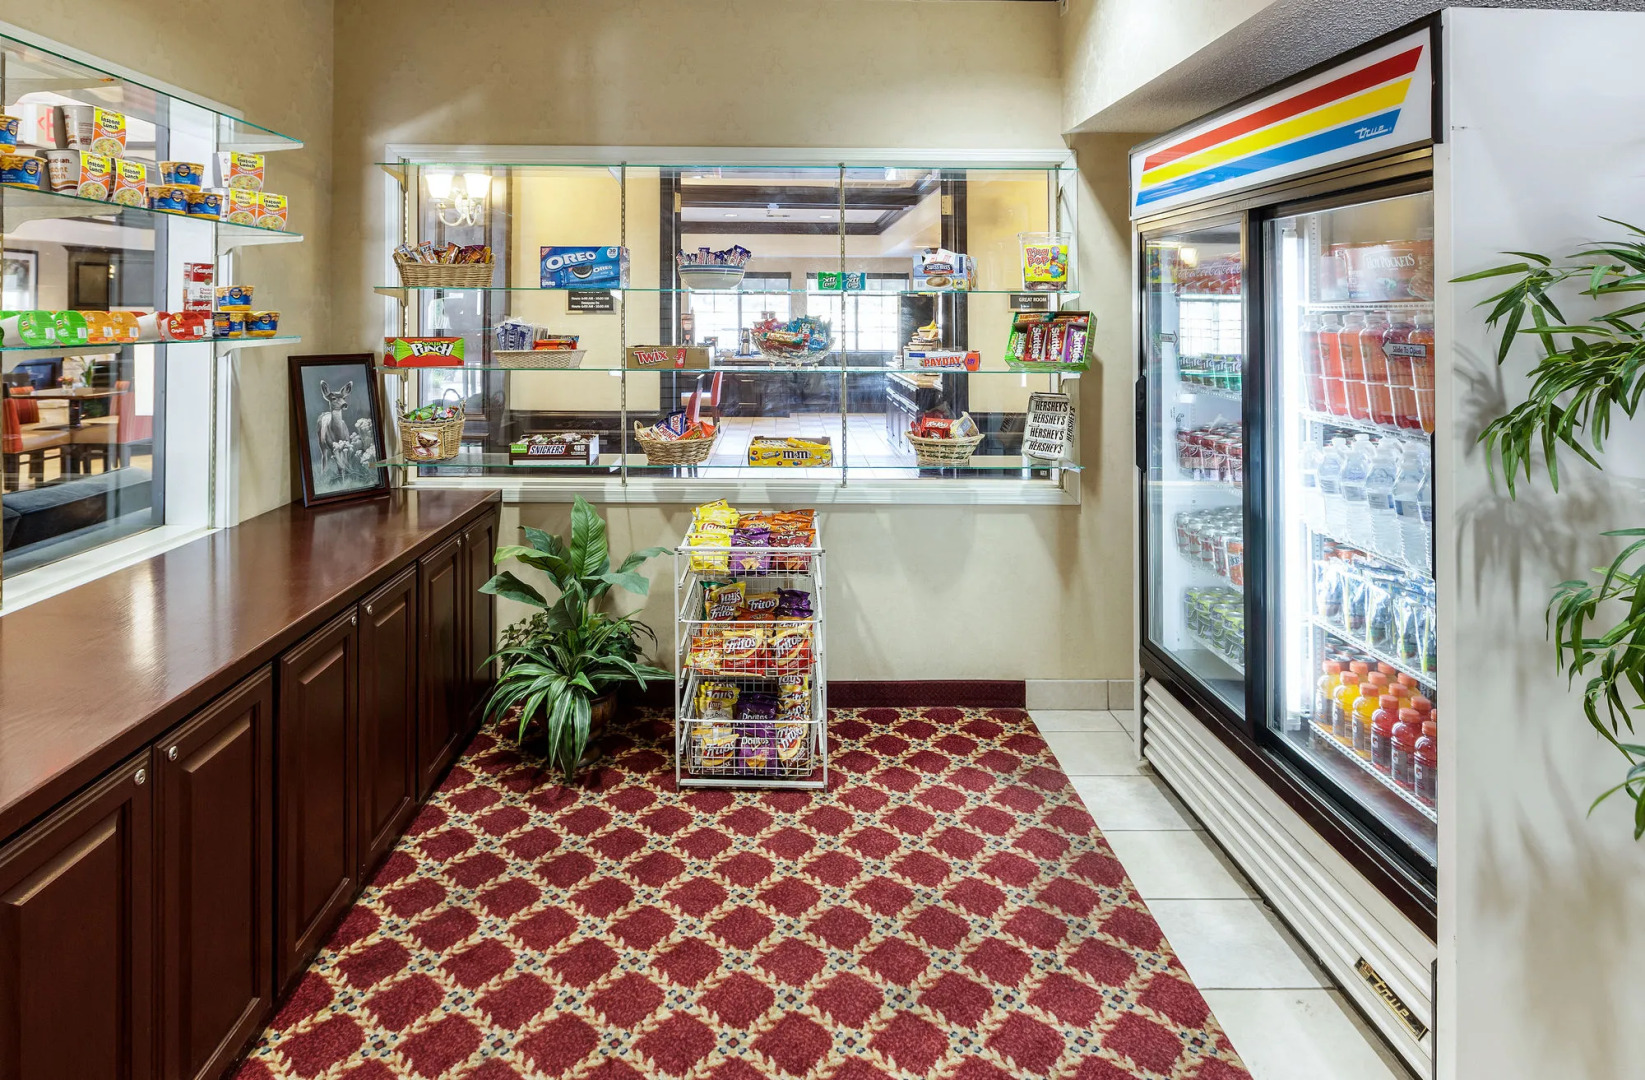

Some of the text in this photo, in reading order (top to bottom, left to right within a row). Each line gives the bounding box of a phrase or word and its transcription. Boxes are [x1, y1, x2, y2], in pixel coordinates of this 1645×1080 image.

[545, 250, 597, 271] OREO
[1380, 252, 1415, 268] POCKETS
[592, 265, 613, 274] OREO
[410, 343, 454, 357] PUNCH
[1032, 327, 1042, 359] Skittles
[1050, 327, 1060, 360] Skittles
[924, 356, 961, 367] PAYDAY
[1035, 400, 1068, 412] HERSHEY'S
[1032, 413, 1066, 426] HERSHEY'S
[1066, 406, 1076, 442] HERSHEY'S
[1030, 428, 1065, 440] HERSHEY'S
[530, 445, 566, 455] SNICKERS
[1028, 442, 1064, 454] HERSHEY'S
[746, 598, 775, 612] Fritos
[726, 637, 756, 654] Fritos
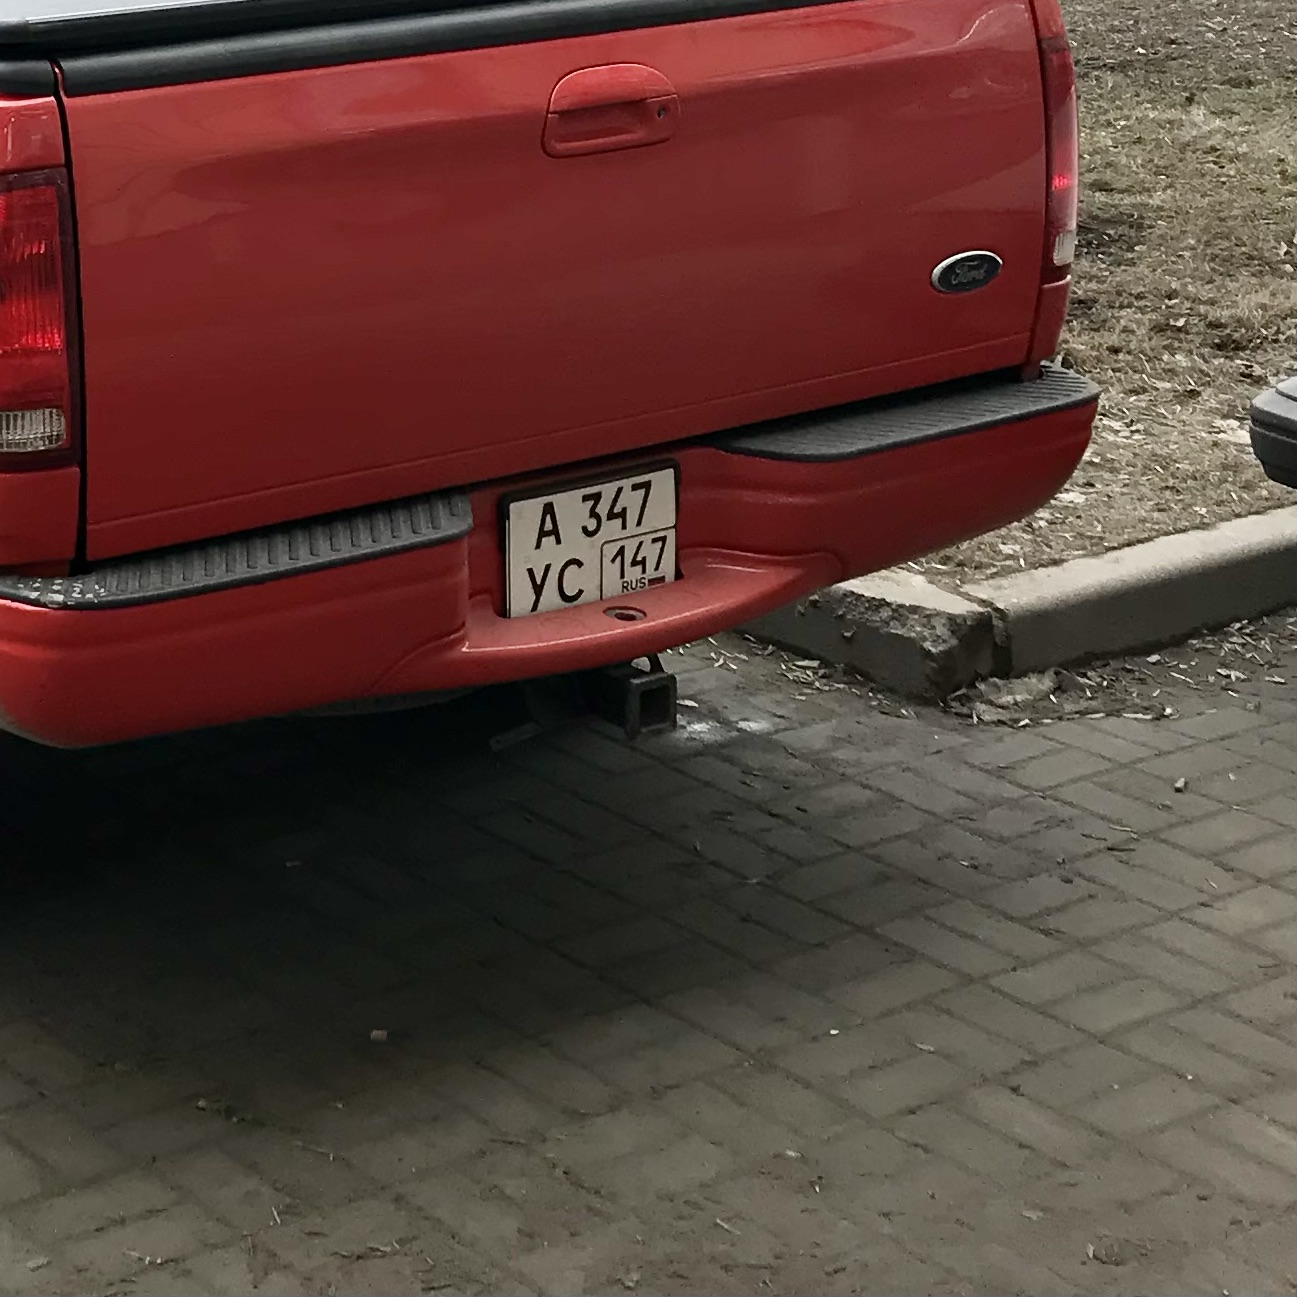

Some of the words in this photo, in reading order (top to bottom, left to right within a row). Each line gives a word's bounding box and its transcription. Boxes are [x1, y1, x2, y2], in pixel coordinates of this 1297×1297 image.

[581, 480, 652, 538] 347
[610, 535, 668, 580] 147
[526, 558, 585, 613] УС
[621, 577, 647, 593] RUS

What you need to do:
In full and without any pictures, print the listing above exactly.

Result of this exercise:
Some of the text in this photo, in reading order (top to bottom, left to right within a row). Each line gives the bounding box of a phrase or word and its transcription. Boxes are [x1, y1, x2, y2], in pixel coordinates of this 1645×1080 image.

[545, 250, 597, 271] OREO
[1380, 252, 1415, 268] POCKETS
[592, 265, 613, 274] OREO
[410, 343, 454, 357] PUNCH
[1032, 327, 1042, 359] Skittles
[1050, 327, 1060, 360] Skittles
[924, 356, 961, 367] PAYDAY
[1035, 400, 1068, 412] HERSHEY'S
[1032, 413, 1066, 426] HERSHEY'S
[1066, 406, 1076, 442] HERSHEY'S
[1030, 428, 1065, 440] HERSHEY'S
[530, 445, 566, 455] SNICKERS
[1028, 442, 1064, 454] HERSHEY'S
[746, 598, 775, 612] Fritos
[726, 637, 756, 654] Fritos

Some of the words in this photo, in reading order (top to bottom, left to right within a row). Each line gives a word's bounding box and its transcription. Boxes are [x1, y1, x2, y2], in pixel coordinates of this 1297×1297 image.

[581, 480, 652, 538] 347
[610, 535, 668, 580] 147
[526, 558, 585, 613] УС
[621, 577, 647, 593] RUS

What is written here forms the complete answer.